Anyway...at the moment we make many 3 hour round trips a week to feed his cat (Squeaky) and then ensure that someone is there staying there for about half the week so Squeaky doesn't just get food thrown at him but gets some proper love and company too.  Rehoming Squeaky doesn't feel an option we want to consider...he's been there about 9 years now, is probably around 13 years old, very settled (and terratorial which may be the problem..I've never known him get on with another cat), etc, he came to live with Dad after the old lady he lived with died and he was left behind (Squeaky I mean, not my Dad!   ).

However we have two cats here...Lollipop who's approx 6yrs old and Jack who's approx 9 years old.  Lollipop will, I hope, get on with Squeaky.  Mostly she just seems to want to play with other cats.  Jack however is also terratorial and very protective over me too, and doesn't cope with change particularly well.  He's been known to make a swipe at a Giant Schnauzer and also a puppy (sorry for both these incidents once again Tillypops   ) presumably to defend me or his terratory.  

My Dad's house is a size where, in theory, all the cats could have some space.  But in my heart I just know this is not going to be easy introducing all the cats into the same household...I think probably it's not even sensible to do so.  But I so so don't want to rehome my two, and although I don't feel the same attachment to Squeaky, I don't feel he should be rehomed either.

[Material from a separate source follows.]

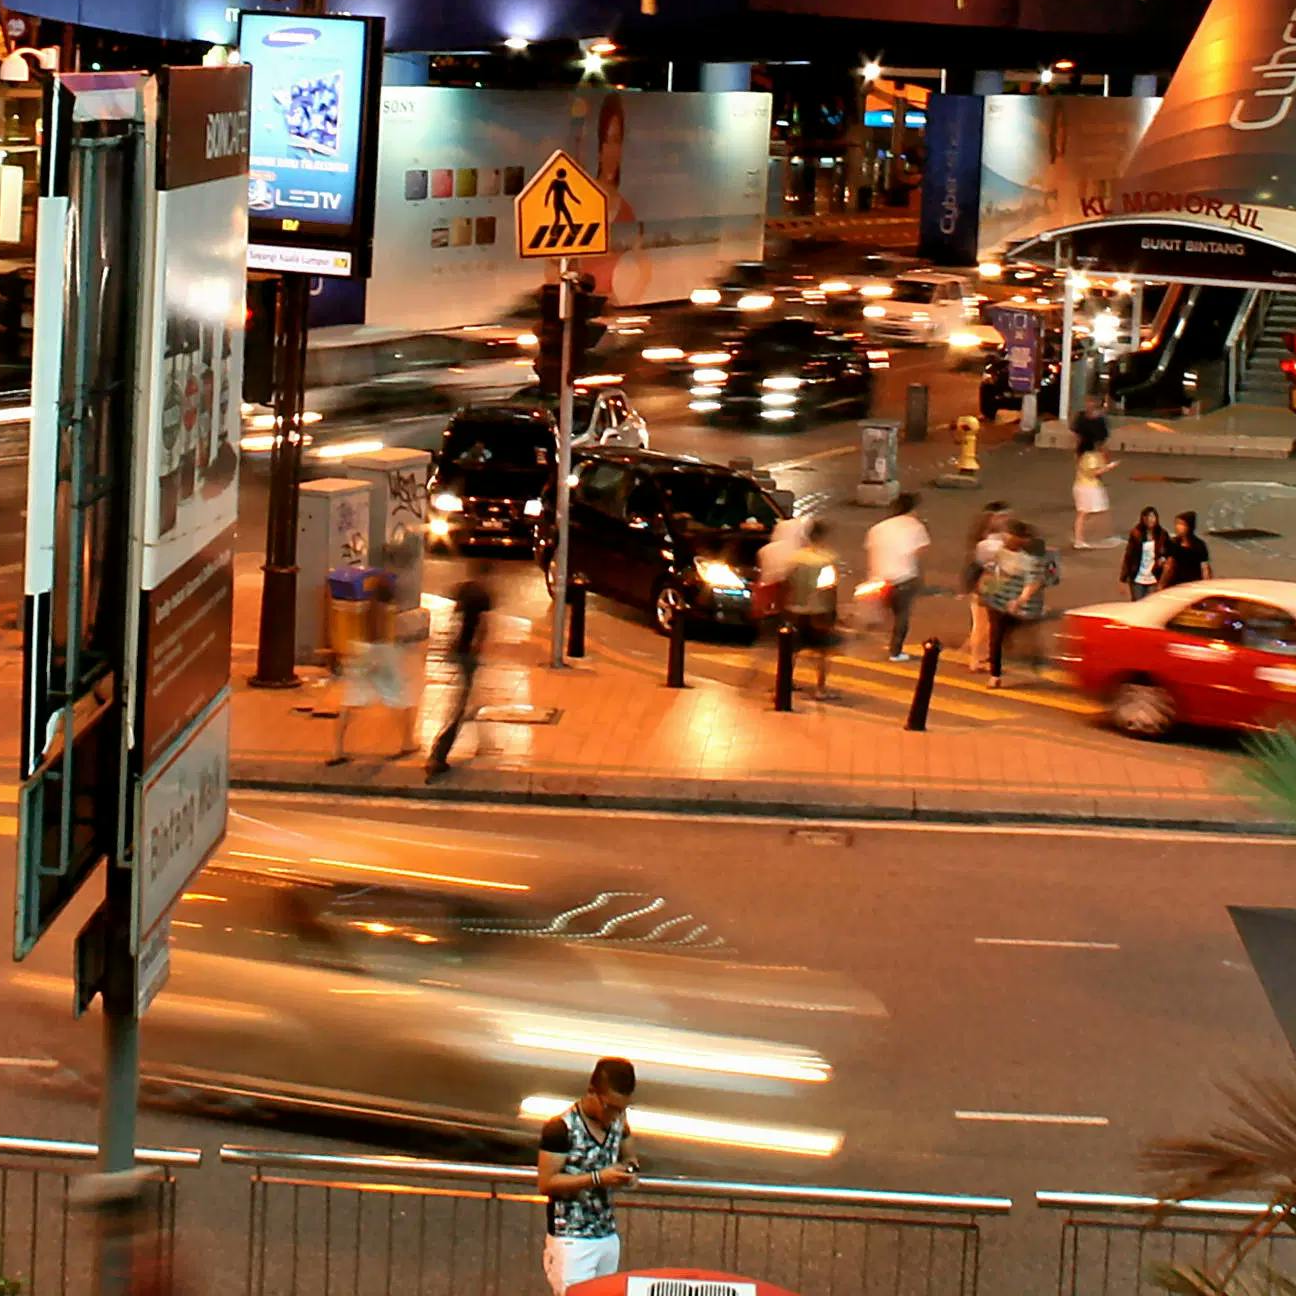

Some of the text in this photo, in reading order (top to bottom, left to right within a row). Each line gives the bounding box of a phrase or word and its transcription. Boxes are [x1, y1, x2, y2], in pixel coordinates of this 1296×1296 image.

[1122, 189, 1265, 231] MONORAIL
[1141, 236, 1246, 256] BUKIT BINTANG
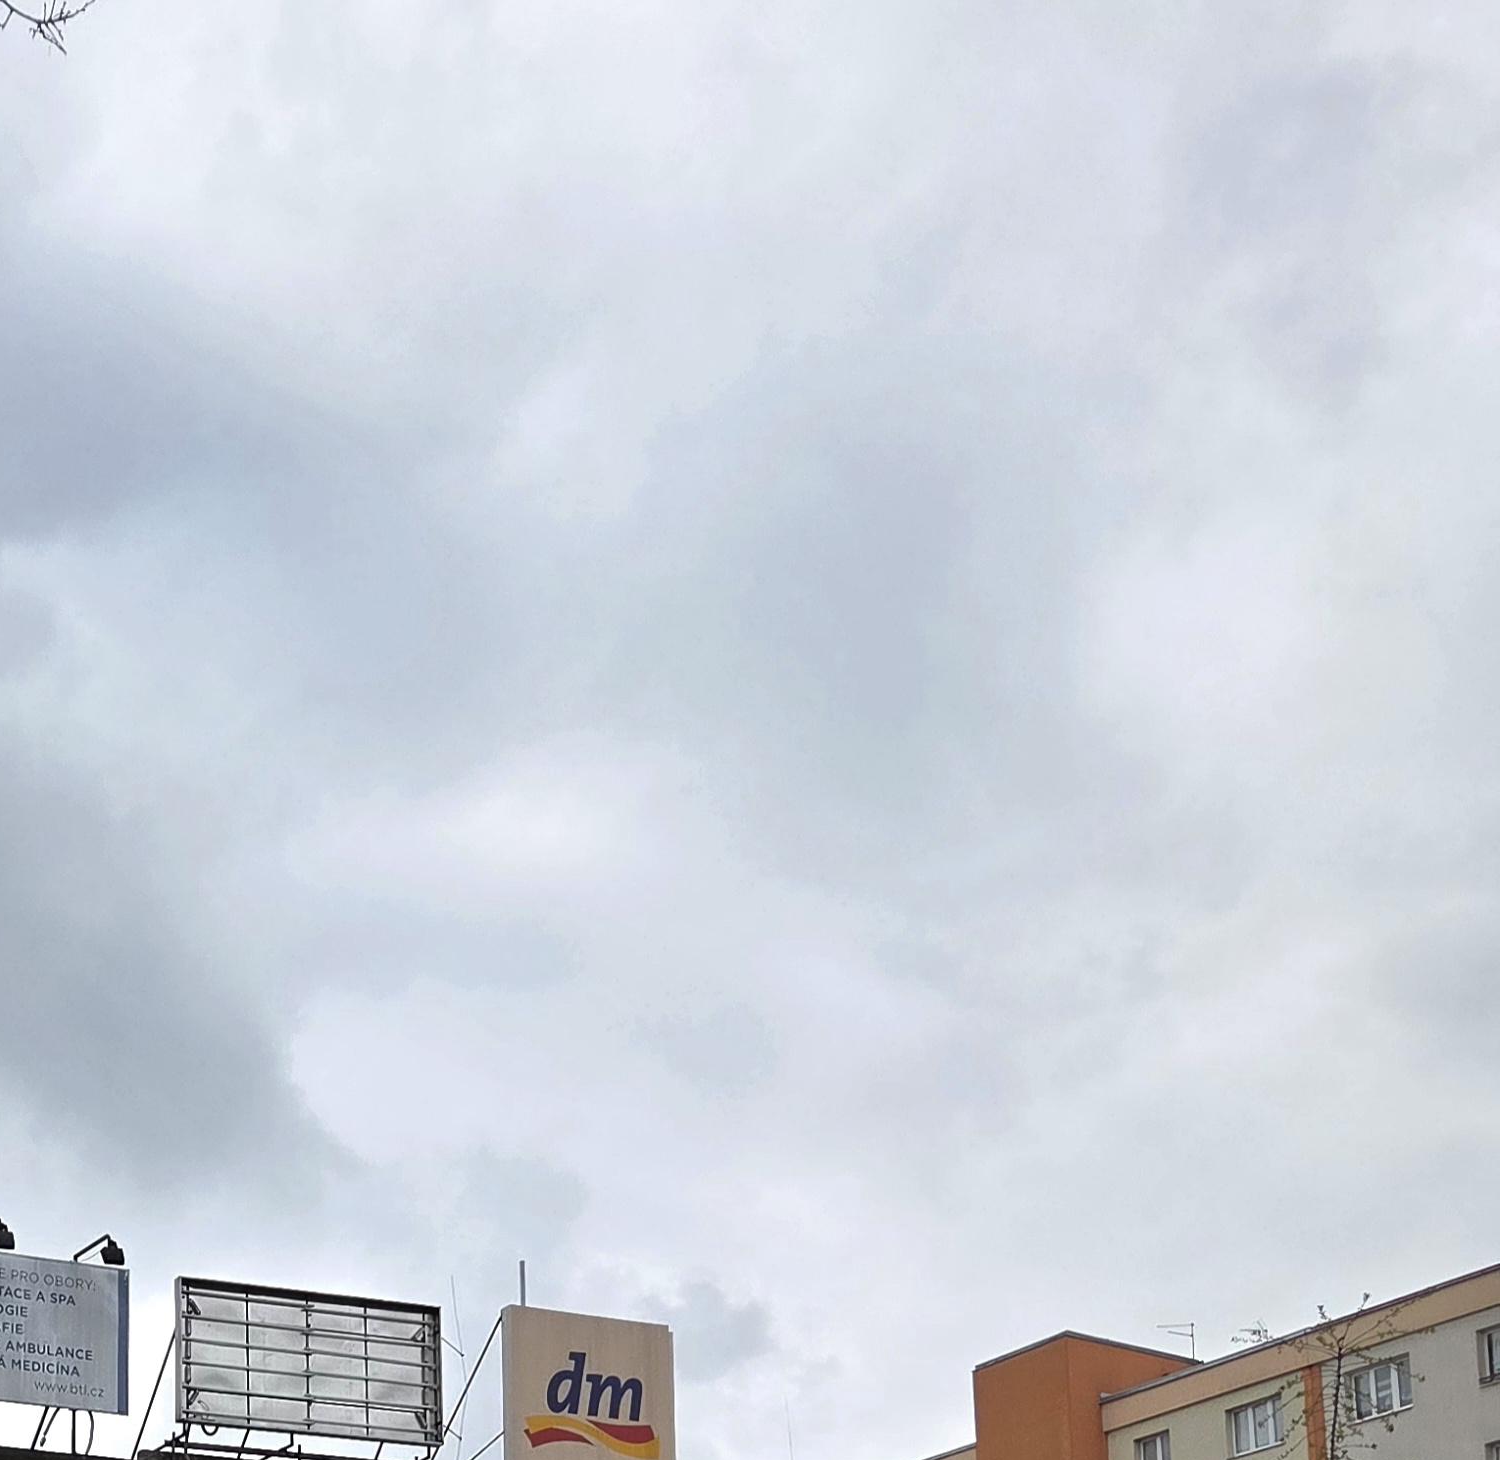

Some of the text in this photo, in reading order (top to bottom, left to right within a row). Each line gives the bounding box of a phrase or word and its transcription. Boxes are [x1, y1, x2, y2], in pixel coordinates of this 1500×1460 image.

Is it possible for the furries to all meet and live in harmony do you think, or am I crazy for even considering this?  

Thanks, Katie x


----------



## ladynecta (Jun 25, 2009)

I brought my dad's 18 year old cat into our home at christmas, where we already have a dog and two other (massive) cats. They all get along fine! So it can work. 
I think it helped that my two were used to each other being around. I just gave the new cat a room to herself till she settled in a bit and made sure the other cats knew this was her territory and to leave her alone in there - sort of her safe haven... in time they just sorted themselves out. Even though my two cats can be very boisterous with each other, they seem to give the old lady (my dads cat) a lot of respect. And even though my dads cat has never shared with other cats or a dog they all get along fine and she has found her spot on the top of the stairs (not in the room I gave her)!


----------



## Tillypops (Nov 7, 2005)

It's OK Katie - Digby and George have just about got over it!!!


----------



## *katie* (Nov 9, 2004)

Tillypops said:


> It's OK Katie - Digby and George have just about got over it!!!


   

Oh Ladynecta I cannot tell you how relieved I am to read your message...thank you so much for your reply!

Excellent...looks as though it is at least worth a try then and will take on board your success with allowing the cats their own space/room, we could manage that fairly easily given Dad's cat won't come into our room but our cats like to be close to us at night especially (Jack sleeps on my head .... he's my little furry shadow  ).

Thank you x x


----------



## PaddyGirl (Apr 21, 2010)

Hi Katie

I agree with Ladynecta.  A friend of mine had 3 cats at one point, all joining the household at different times, and they were ok. One used to sit ontop of the kitchen wall units (yes, not sure how he managed to jump right up there but there you go!), and the others each had their own little space too. Start by trying to keep them in diff areas of the house, or in a room on their own, until they get used to each other. 
If it were me, I'd give it a go. 
Good luck
PaddyGirl x


----------



## Guest (Apr 26, 2010)

Hi Katie,
How sociable is Squeaky?  Our second (psycho) cat was very neglected and can still be very vicious when she wants to be even though we've had her 7 years.  We already had one softy who is still very soft but probably made a mistake in getting psycho not long after we moved in and softy was still a little unsettled.  However, they don't fight all the time and will both sit on us at the same time, it's not as if they won't come in the same room as eachother.  They also play a lot better outside than in too.


----------



## *katie* (Nov 9, 2004)

Thank you Paddygirl...another success story, that's what I like to hear!  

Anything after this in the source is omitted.